В Петалуме, пока Кинга возвращали на ранчо и приводили Принца, мы отдыхали. Отныне Принцу надлежало бы утвердиться в качестве истинного коренника, но его поставили ведущим, а Разбойница заняла прежнее место. Однако есть такая аксиома: хороший коренник — плохой лидер. Я лично не согласен с нею: из хорошего коренника обязательно получается самый плохой лидер, из мне известных... пока. Я в этом убедился. С Принцем в лидерах мне пришлось править несколько сотен миль. Ни хуже, ни лучше, чем в первый день, он в лидерах не стал, а худшая его работа была даже хуже, чем вы способны вообразить. Нет, он просто невозможен, настоящий плут. Он будет теребить за руку, выклянчивая сахар, и в самые строгие минуты — обожать вас, наступая вам на пальцы от переполняющего его дружелюбия.

Но в пути Принца не узнать. Стоит ему допустить какую-нибудь ошибку, он все сваливает на Мильду и кусает ее за холку. Это стало такой возмутительной традицией, что стоит мне сердито во весь голос крикнуть «Принц!», как Мильда сейчас же делает рывок в сторону и вперед или приседает на поперечину. И немедленно все расстраивается. Вот представьте: на быстром ходу вы объезжаете гору по крутому склону. С наружной стороны поворота сплошная скала, а с внутренней — пропасть. Впереди узкий, неогражденный мост. Доехав до поворота, вы направляете лидеров к стене, давая возможность развернуть оглоблю. Прекрасно. Лидеры опасливо прижимаются к стене. Но приходит момент, когда им следует рвануть вперед. Да-да, именно рвануть, иначе они врежутся в стену и не попадут на мост. А позади коренники и повозка, и вы для свободы маневра отпустили тормоз. Нужен дружный рывок, и Мильда пытается рвануть, прилагая все силы, а Принц, пугливо захрапев, еле тащится позади. У него свой маневр, он рассчитал все до доли секунды. Дева, обгоняя, натурально его кусает. В неудобном положении оказывается и Разбойница, до сих пор ведущая себя безупречно, — в этом миг она натыкается на Деву. А Принц, демонстрируя, что во всем виновата Мильда, вонзает зубы в ее беззащитную шею. Все происходит в одну секунду. От неожиданной боли Мильда, боясь разбиться о скалу или сорваться в пропасть, встает как вкопанная с оглоблей на спине и бьет в истерике задними ногами. Разбойница не упускает момента показать себя. А после того, как все распутано и исправлено, и у вас есть время оценить пережитую опасность, вы подходите к Принцу с намерением сделать ему выговор отборными словами, а виновник с глазами юной серны и непередаваемой нежностью щиплет вас за руку, клянча сахар. А я никому не могу отказать.

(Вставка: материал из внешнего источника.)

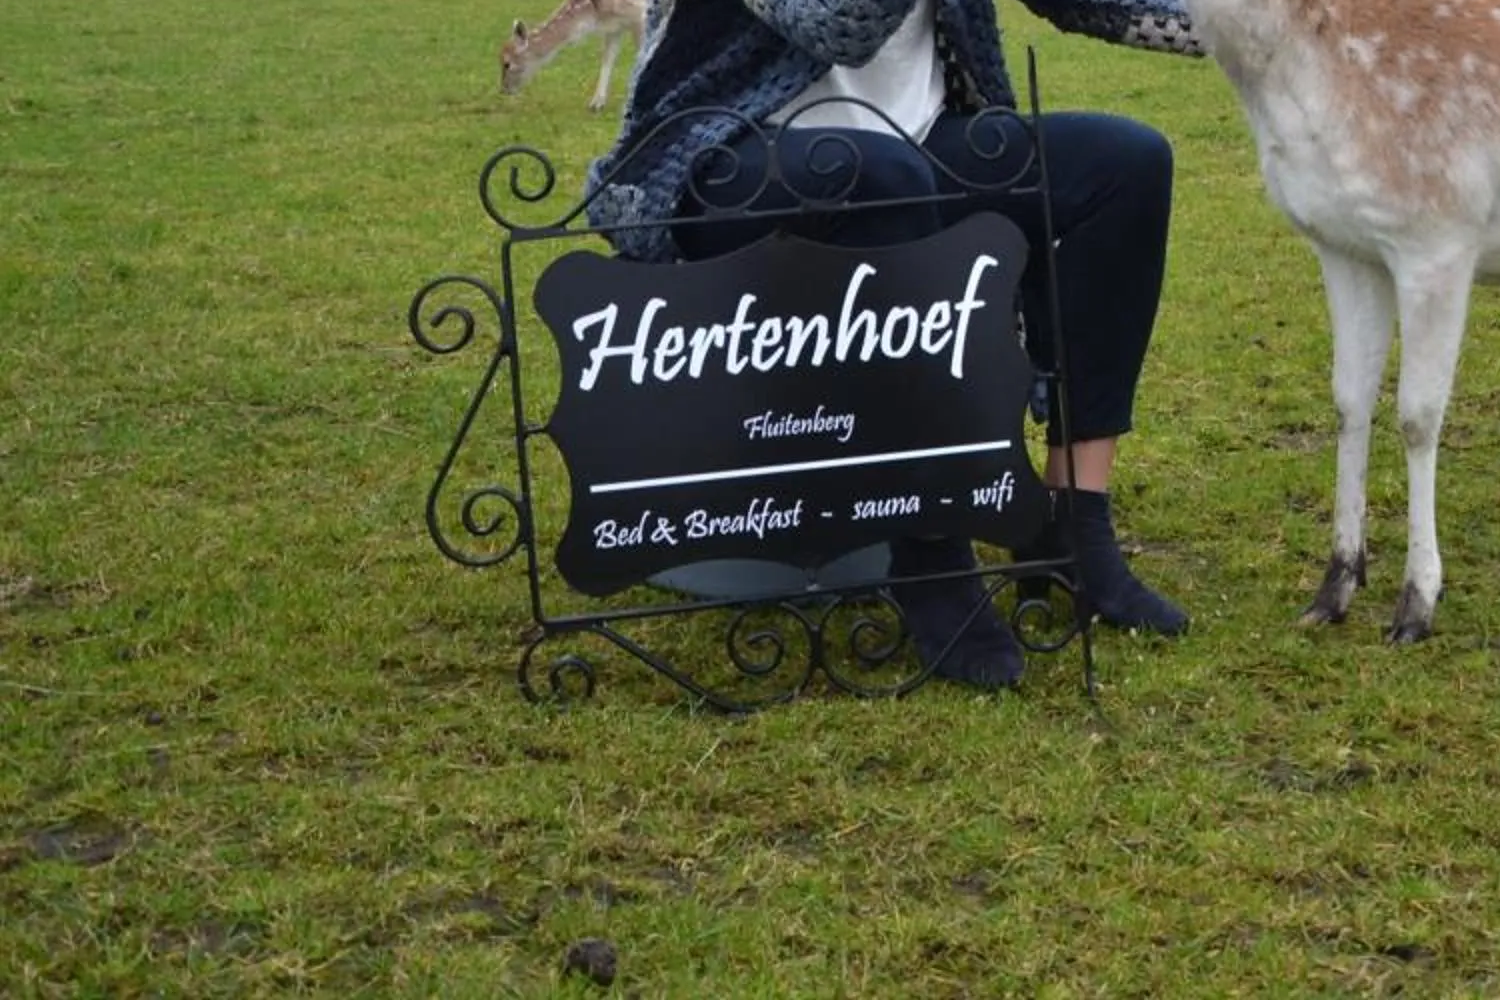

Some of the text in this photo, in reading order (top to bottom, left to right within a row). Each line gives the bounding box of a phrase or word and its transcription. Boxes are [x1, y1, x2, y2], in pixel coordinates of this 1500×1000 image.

[572, 254, 999, 392] Hertenhoef
[743, 405, 855, 443] Fluitenberg
[593, 510, 651, 549] Bed
[650, 517, 678, 546] &
[684, 498, 803, 539] Breakfast
[851, 495, 920, 520] sauna
[972, 472, 1014, 512] wifi

У территорий к северу от залива богатейшая история.

Около трех с половиной веков назад отважный исследователь и пират, сэр Френсис Дрейк, прочесывая Тихий океан в поисках испанских кораблей, бросал якорь в бухте Пойнт-Рейес, вокруг которой ныне возник один из богатейших молочных районов в мире. Здесь же, всего лишь двадцать лет спустя после Дрейка, Себастьян Карменон грабил на рифах груженные шелком суда, идущие с Филиппин. И в эту же самую бухту, много лет спустя, пробирались на своих байдарах русские промысловики пушного зверя и отсюда же, через пролив Голден-Чейт, уходили в запретные воды Сан-Францисского залива.

Выше по побережью, в графстве Сонома, мы доехали до бывших русских поселений. Их якорная стоянка располагалась южнее Русской реки (Росс-Ривер), в бухте Бодега, а севернее реки они построили форт. И большая часть Форт-Росса стоит до сих пор: бастионы из бревен, церковь, хозяйственные постройки, где хранилось имущество. Мы почувствовали себя как-то уютно на скрипучих половицах и среди проржавевших железяк, отогрелись у сооруженного сотню лет назад огромного очага и заснули, умиротворенные, под покровом тесовой крыши, грубо сколоченной самодельными коваными гвоздями.

Мы продвигались по местам, где делалась история, и видели ее декорации. Один из самых продолжительных наших рейдов начался в городке Инвернесс, что в бухте Томалес, и шел по долине Олема к бухте Болинас, вдоль восточного ее берега до лагеря Уиллоу; потом вверх по краю приморской кручи, вокруг бастионов Тамалпэ и вниз, до Саусалито. От мыса бухты Болинас до лагеря Уиллоу дорога идет по кромке берега и с полмили тянется вдоль вод бухты — это неизгладимое впечатление. Но самое удивительное ожидало нас впереди. Мало кто из обитателей Сан-Франциско, а тем более жителей Калифорнии, знает о дороге из Уиллоу на юг и восток, вдоль поросших маками скалистых утесов и грозно бушующего в сотнях футов внизу, в пропасти, океана. С нее открывается пролив Голден-Гейт и подернутый дымкой Сан-Франциско, возникающий на холмах. А справа, вдали — едва заметны на груди океана очертания островов Фаралонес, мимо которых проплыл сэр Френсис Дрейк, в сплошном тумане взяв курс на юго-запад, что и лишило его славы открывателя залива Святого Франциска.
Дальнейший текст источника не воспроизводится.